In this year’s Hype Cycle for Emerging Technologies in Finance, three technology innovations stand out as being on a path to mainstream adoption within five years and having transformational potential for the finance organization.
In a departure from the monolithic and inflexible technology applications commonly associated with enterprise technology, composable applications have arisen in response to greater demand for business adaptability in more volatile times.
Composable applications, which are at the Peak of Inflated Expectations, are modular in nature and are built to support fast, safe, and efficient application changes in the face of frequent disruption and new opportunities. The improved agility of business technology drives resilience and adaptability throughout the business.
Composable applications are built as flexible compositions of well-packaged modules of business application capabilities. The “composers” tend to be a business-IT fusion team while the creators of the modules may be application vendors or central IT software engineering teams.
Decision intelligence (DI) is at the Innovation Trigger of the Hype Cycle. DI is a practical discipline used to improve decision making by explicitly understanding and engineering how decisions are made, and how outcomes are evaluated, managed, and improved via feedback. The current hype around automated decision making and augmented intelligence, fueled by AI techniques in decision making has revealed the brittleness of legacy business processes in this new environment.
An increasingly complex business environment, with an increasingly uncertain pace of business, and ever more decisions taken by machines have created a sense of unease from the human and regulatory perspective. There is a need to transparently represent how decisions are being made.
From a pure business perspective, it makes sense to curtail unstructured ad-hoc decisions that are siloed and disjointed, and properly harmonize collective decision outcomes across an entire organization. Software tools are now emerging that will enable organizations to practically implement DI projects and strategies.

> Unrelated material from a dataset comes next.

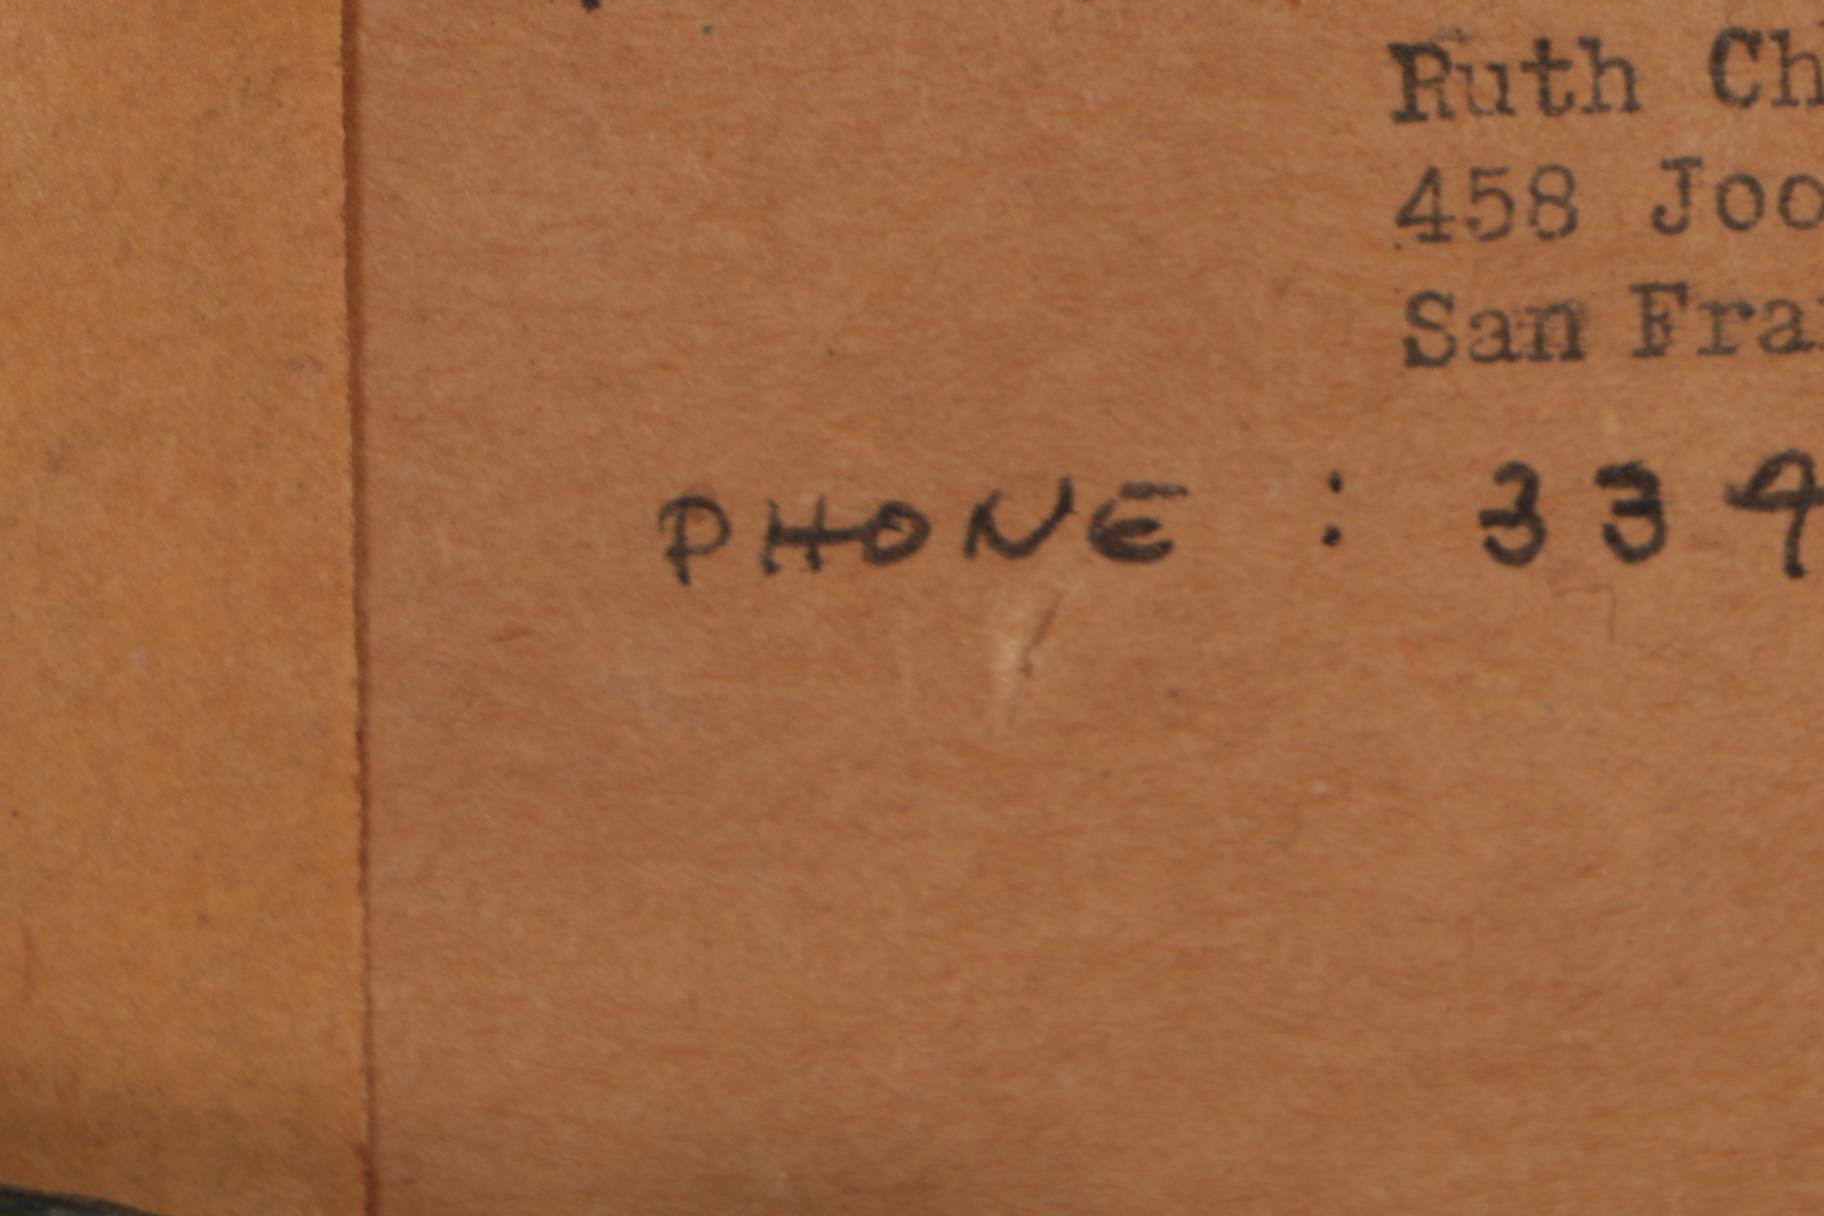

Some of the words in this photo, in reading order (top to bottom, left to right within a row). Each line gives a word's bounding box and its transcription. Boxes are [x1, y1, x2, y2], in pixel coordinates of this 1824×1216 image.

[1386, 35, 1642, 124] Ruth
[1395, 163, 1580, 244] 458
[1401, 289, 1588, 370] San

ERP rollouts of the last decades focused on collecting transactional data. Now, finance organizations are burdened by the quantity of information collected and don’t know how to analyze or use it.
A new breed of software vendors is introducing intelligent applications (IAs), which are entering at the Peak of Inflated Expectations. These applications are augmented with AI and connected data, from transaction and external sources, to generate a system that provides contextualized features, experiences, and processes, and can continually learn, improve, and adapt.
The promise of such platforms is that finance can spend more time on business support and use limited in-house AI resources to build business-specific AI-driven solutions.